::: Records for the task :::

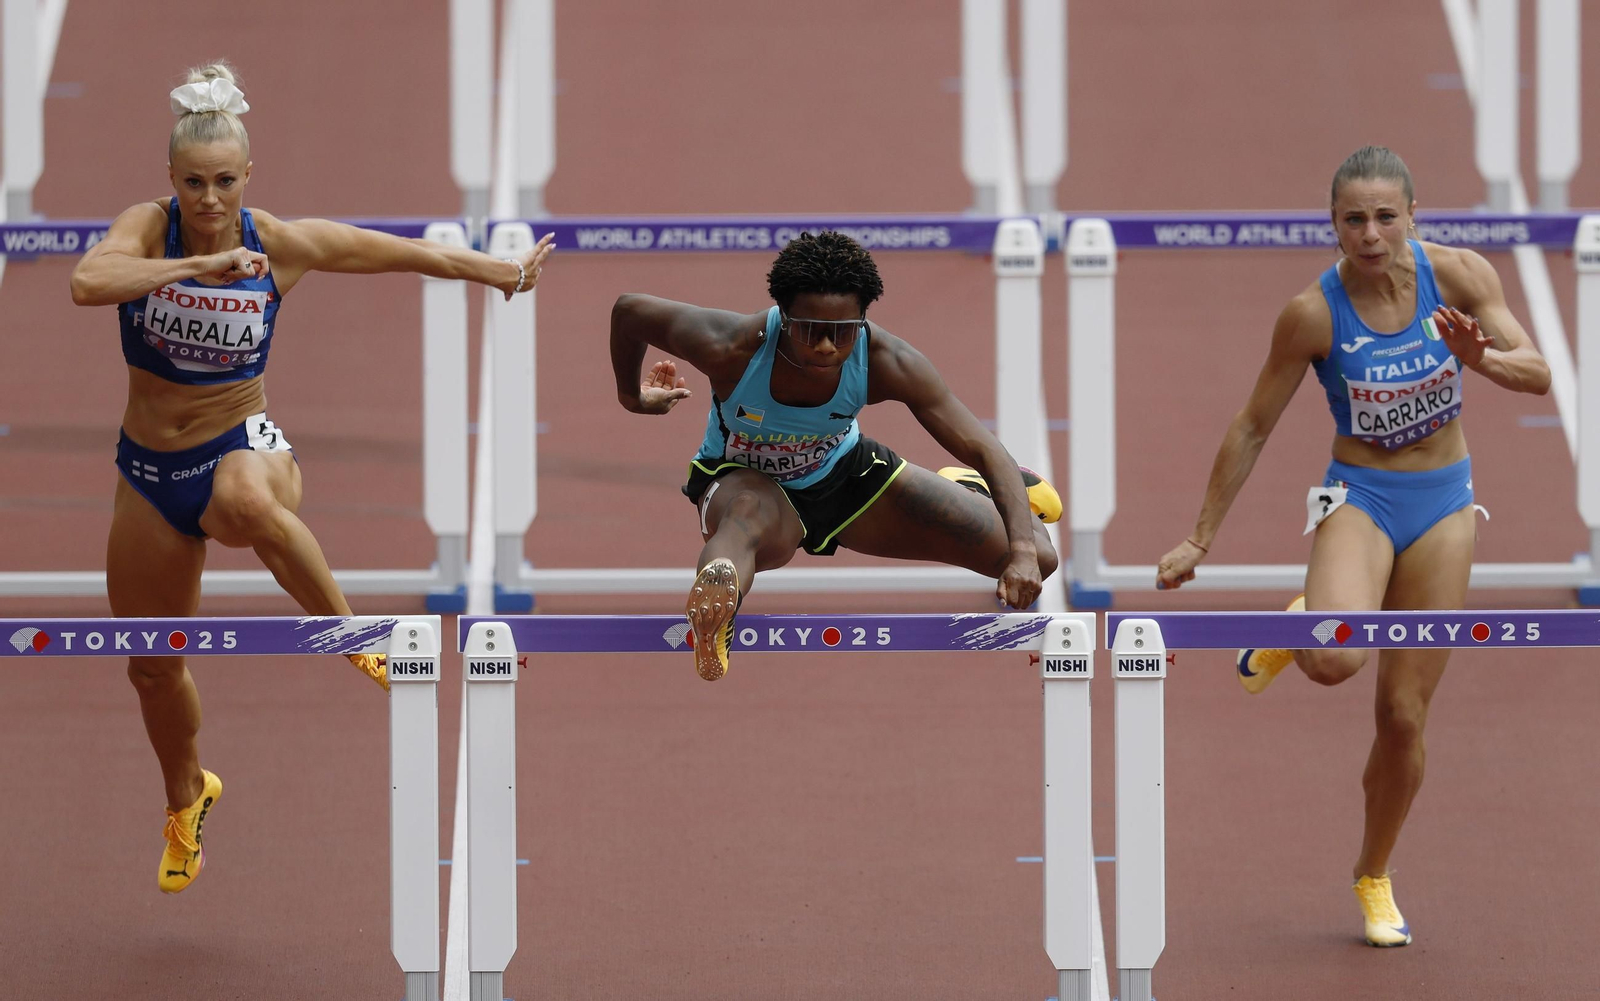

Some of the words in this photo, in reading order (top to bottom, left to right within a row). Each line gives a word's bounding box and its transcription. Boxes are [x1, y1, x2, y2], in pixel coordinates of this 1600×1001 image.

[4, 231, 79, 251] WORLD
[576, 228, 655, 249] WORLD
[658, 227, 772, 249] ATHLETICS
[1153, 224, 1233, 245] WORLD
[1236, 223, 1338, 245] ATHLETIC
[1418, 221, 1530, 243] PIONSHIPS
[152, 285, 262, 314] HONDA
[151, 308, 254, 348] HARALA
[1365, 354, 1440, 382] ITALIA
[1350, 369, 1456, 403] HONDA
[1358, 386, 1453, 433] CARRARO
[259, 422, 277, 449] 5
[171, 456, 215, 482] CRAFT
[393, 662, 434, 675] NISHI
[470, 662, 511, 675] NISHI
[1046, 659, 1087, 672] NISHI
[1119, 659, 1160, 672] NISHI

:::

§ **Your objective**: Every entry above is to be repeated word for word, with all pictures omitted.

§ **Exercise answer**:
Some of the words in this photo, in reading order (top to bottom, left to right within a row). Each line gives a word's bounding box and its transcription. Boxes are [x1, y1, x2, y2], in pixel coordinates of this 1600×1001 image.

[4, 231, 79, 251] WORLD
[576, 228, 655, 249] WORLD
[658, 227, 772, 249] ATHLETICS
[1153, 224, 1233, 245] WORLD
[1236, 223, 1338, 245] ATHLETIC
[1418, 221, 1530, 243] PIONSHIPS
[152, 285, 262, 314] HONDA
[151, 308, 254, 348] HARALA
[1365, 354, 1440, 382] ITALIA
[1350, 369, 1456, 403] HONDA
[1358, 386, 1453, 433] CARRARO
[259, 422, 277, 449] 5
[171, 456, 215, 482] CRAFT
[393, 662, 434, 675] NISHI
[470, 662, 511, 675] NISHI
[1046, 659, 1087, 672] NISHI
[1119, 659, 1160, 672] NISHI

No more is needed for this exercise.